What is needed ->
From start to end, write out the following data exactly, apart from its images.

Data extracted from a collection ->

>>>>

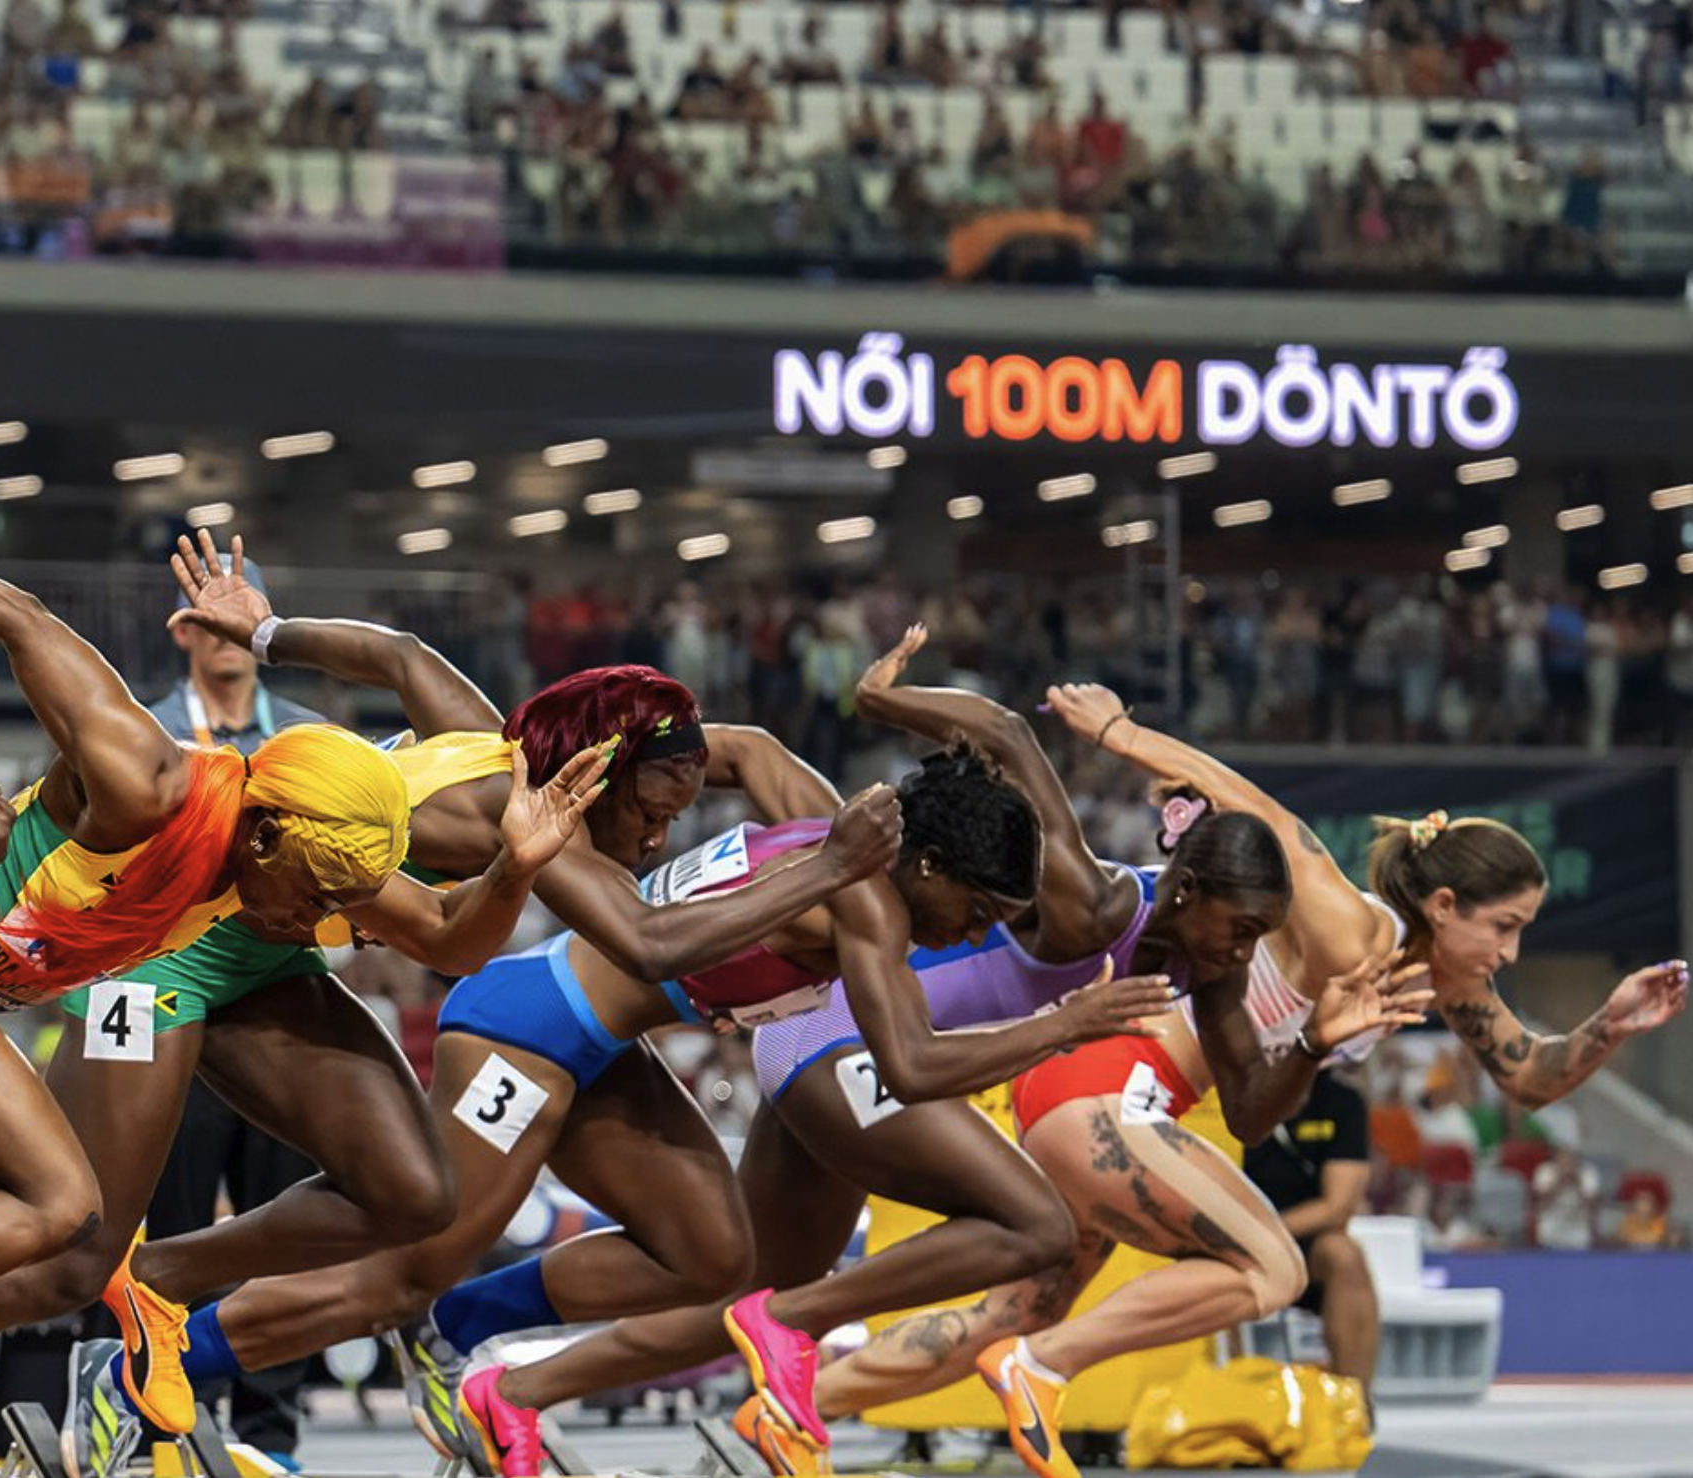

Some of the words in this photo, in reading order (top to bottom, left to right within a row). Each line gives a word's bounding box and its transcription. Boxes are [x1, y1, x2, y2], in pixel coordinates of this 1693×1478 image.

[774, 331, 935, 438] NŐI
[948, 355, 1183, 443] 100M
[1197, 344, 1520, 450] DÖNTŐ
[101, 995, 132, 1047] 4
[477, 1076, 517, 1124] 3
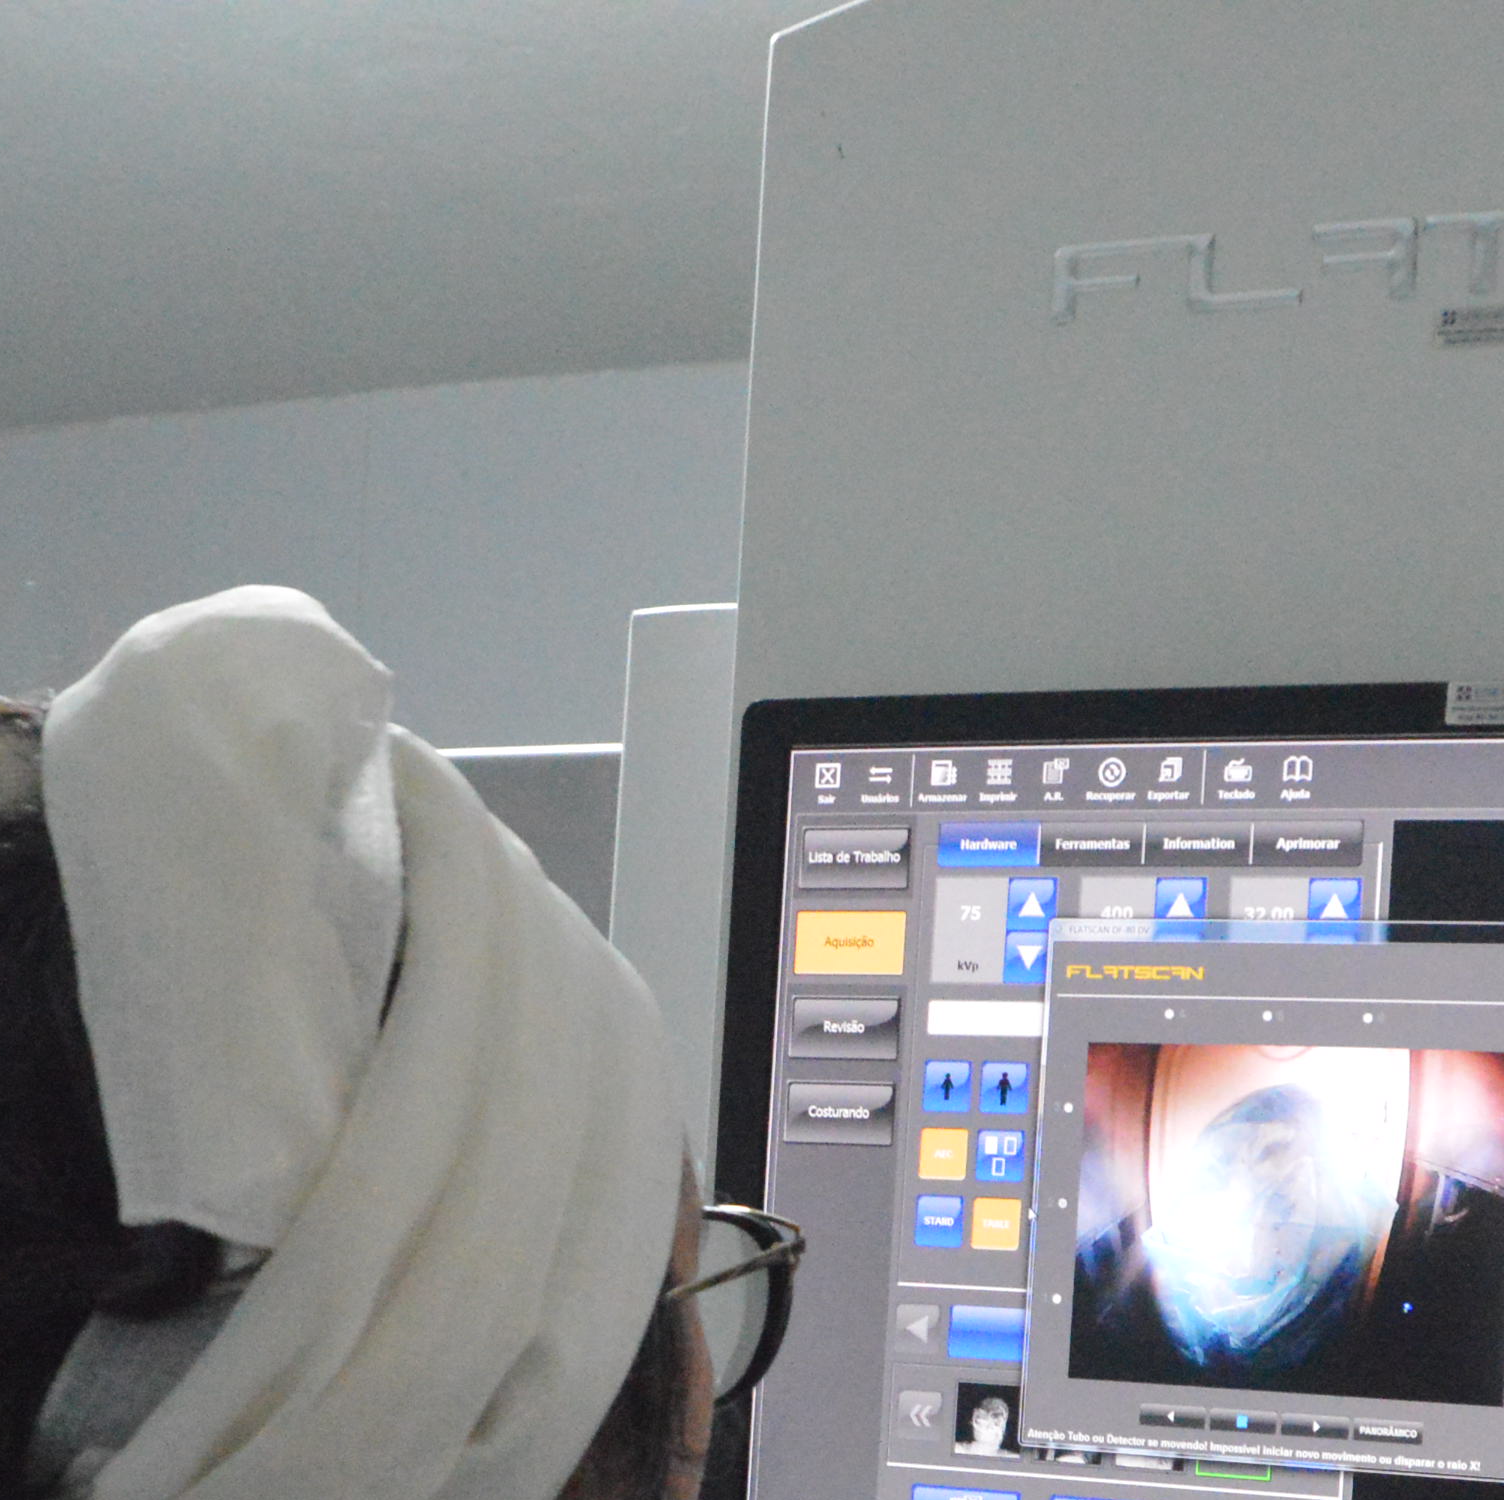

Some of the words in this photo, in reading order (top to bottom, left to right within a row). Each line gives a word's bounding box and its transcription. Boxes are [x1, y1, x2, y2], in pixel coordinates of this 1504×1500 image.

[918, 793, 968, 803] Armazenar
[979, 792, 1018, 804] Imprimir
[1086, 791, 1136, 803] Recuperar
[1147, 790, 1190, 802] Exportar
[1218, 789, 1256, 800] Teclado
[1280, 788, 1311, 802] Ajuda
[960, 838, 1017, 851] Hardware
[1055, 837, 1130, 851] Ferramentas
[1163, 837, 1235, 850] Information
[1276, 837, 1341, 852] Aprimorar
[809, 851, 834, 864] Lista
[836, 850, 851, 864] de
[853, 849, 901, 864] Trabalho
[960, 905, 982, 921] 75
[1100, 905, 1134, 918] 400
[1244, 906, 1295, 920] 32.00
[824, 936, 874, 950] Aquisição
[957, 960, 979, 973] kVp
[1066, 964, 1205, 981] FLATSCAN
[823, 1019, 865, 1034] Revisão
[808, 1105, 870, 1120] Costurando
[1027, 1428, 1065, 1442] Atenção
[1068, 1430, 1090, 1442] Tubo
[1092, 1434, 1105, 1444] ou
[1107, 1433, 1146, 1447] Detector
[1147, 1438, 1159, 1449] se
[1161, 1439, 1208, 1451] movendo!
[1296, 1450, 1320, 1460] novo
[1322, 1450, 1377, 1464] movimento
[1379, 1455, 1392, 1465] ou
[1394, 1455, 1435, 1469] disparar
[1437, 1459, 1445, 1469] o
[1447, 1459, 1468, 1471] raio

<<<<

Task solution ->
Some of the words in this photo, in reading order (top to bottom, left to right within a row). Each line gives a word's bounding box and its transcription. Boxes are [x1, y1, x2, y2], in pixel coordinates of this 1693×1478 image.

[774, 331, 935, 438] NŐI
[948, 355, 1183, 443] 100M
[1197, 344, 1520, 450] DÖNTŐ
[101, 995, 132, 1047] 4
[477, 1076, 517, 1124] 3

Some of the words in this photo, in reading order (top to bottom, left to right within a row). Each line gives a word's bounding box and its transcription. Boxes are [x1, y1, x2, y2], in pixel coordinates of this 1504×1500 image.

[918, 793, 968, 803] Armazenar
[979, 792, 1018, 804] Imprimir
[1086, 791, 1136, 803] Recuperar
[1147, 790, 1190, 802] Exportar
[1218, 789, 1256, 800] Teclado
[1280, 788, 1311, 802] Ajuda
[960, 838, 1017, 851] Hardware
[1055, 837, 1130, 851] Ferramentas
[1163, 837, 1235, 850] Information
[1276, 837, 1341, 852] Aprimorar
[809, 851, 834, 864] Lista
[836, 850, 851, 864] de
[853, 849, 901, 864] Trabalho
[960, 905, 982, 921] 75
[1100, 905, 1134, 918] 400
[1244, 906, 1295, 920] 32.00
[824, 936, 874, 950] Aquisição
[957, 960, 979, 973] kVp
[1066, 964, 1205, 981] FLATSCAN
[823, 1019, 865, 1034] Revisão
[808, 1105, 870, 1120] Costurando
[1027, 1428, 1065, 1442] Atenção
[1068, 1430, 1090, 1442] Tubo
[1092, 1434, 1105, 1444] ou
[1107, 1433, 1146, 1447] Detector
[1147, 1438, 1159, 1449] se
[1161, 1439, 1208, 1451] movendo!
[1296, 1450, 1320, 1460] novo
[1322, 1450, 1377, 1464] movimento
[1379, 1455, 1392, 1465] ou
[1394, 1455, 1435, 1469] disparar
[1437, 1459, 1445, 1469] o
[1447, 1459, 1468, 1471] raio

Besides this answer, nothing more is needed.